I've got the same problem during training; when there is no 'time gap' between each mod.forward, backward, update; memory usage keep increasing; but when I sleep 0.3s after each 'forward backward update'; memory don't increase at all; I think its the matter underlying C++ structure of mxnet that caused this problem; still working on how to release the memory fast enough during each forward.
Hey, are you still running it on the jupyter notebook? if yes,
use this
jupyter nbconvert --to script [YOUR_NOTEBOOK].ipynb
and run it as python3 DQN.py
I guess the problem was sourced by running it as jupyter notebook.
(Now I do not have any leak since I am not running it on notebook anymore)
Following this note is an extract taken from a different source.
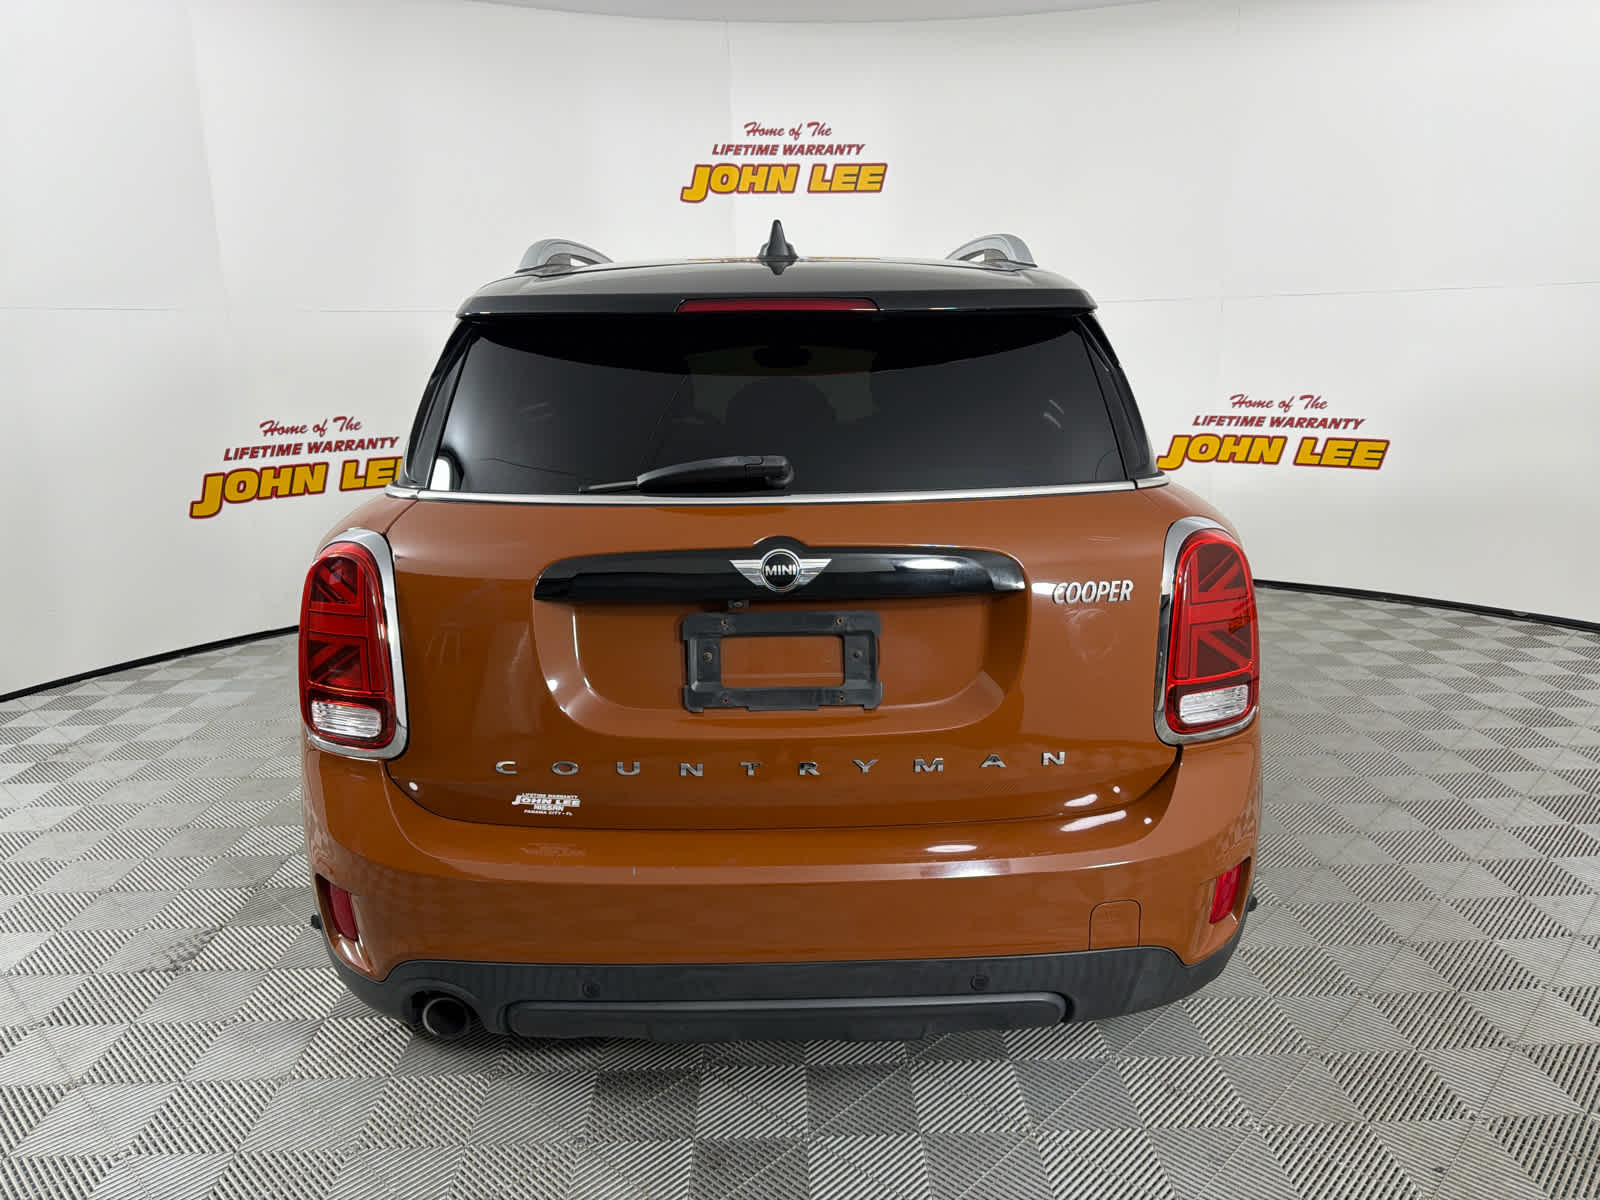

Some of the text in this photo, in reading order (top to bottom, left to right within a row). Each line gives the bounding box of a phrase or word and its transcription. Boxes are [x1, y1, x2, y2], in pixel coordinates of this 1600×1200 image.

thanks for the info, but my memory still keep increasing when speed is too fast(like 140 sample/s) ^_^ @kazizzad
forward/backward/update are all asynchronous operation. It just pushes the operations to the backend engine and returns immediately. https://mxnet.incubator.apache.org/versions/master/tutorials/basic/ndarray.html#lazy-evaluation-and-automatic-parallelization
You can use mx.nd.waitall to make sure all operations are complete
@eric-haibin-lin thank you ^_^
@eric-haibin-lin after i call mx.nd.waitall(), the memory increasing problem no longer exist, but speed is only 2.5samples/s; I think my former code just keeps pushing data into the backend engine, but the engine just can't process fast enough; so memory keeps increasing untils it crashes. now I think i just have to face that the fact that its speed can only reach 2.5samples/s, Thanks for the tips.
After adding mx.nd.waitall() I still have cpu memory usage goes up. It should be around 100Gb, but it sometimes gets to 200Gb.
I have the same problem in R. Using small batch size = 10. The memory always increases to max of the computer (32GB in my case). I have setup a CNN and even seemingly small examples to train on seem to cause huge increases in memory.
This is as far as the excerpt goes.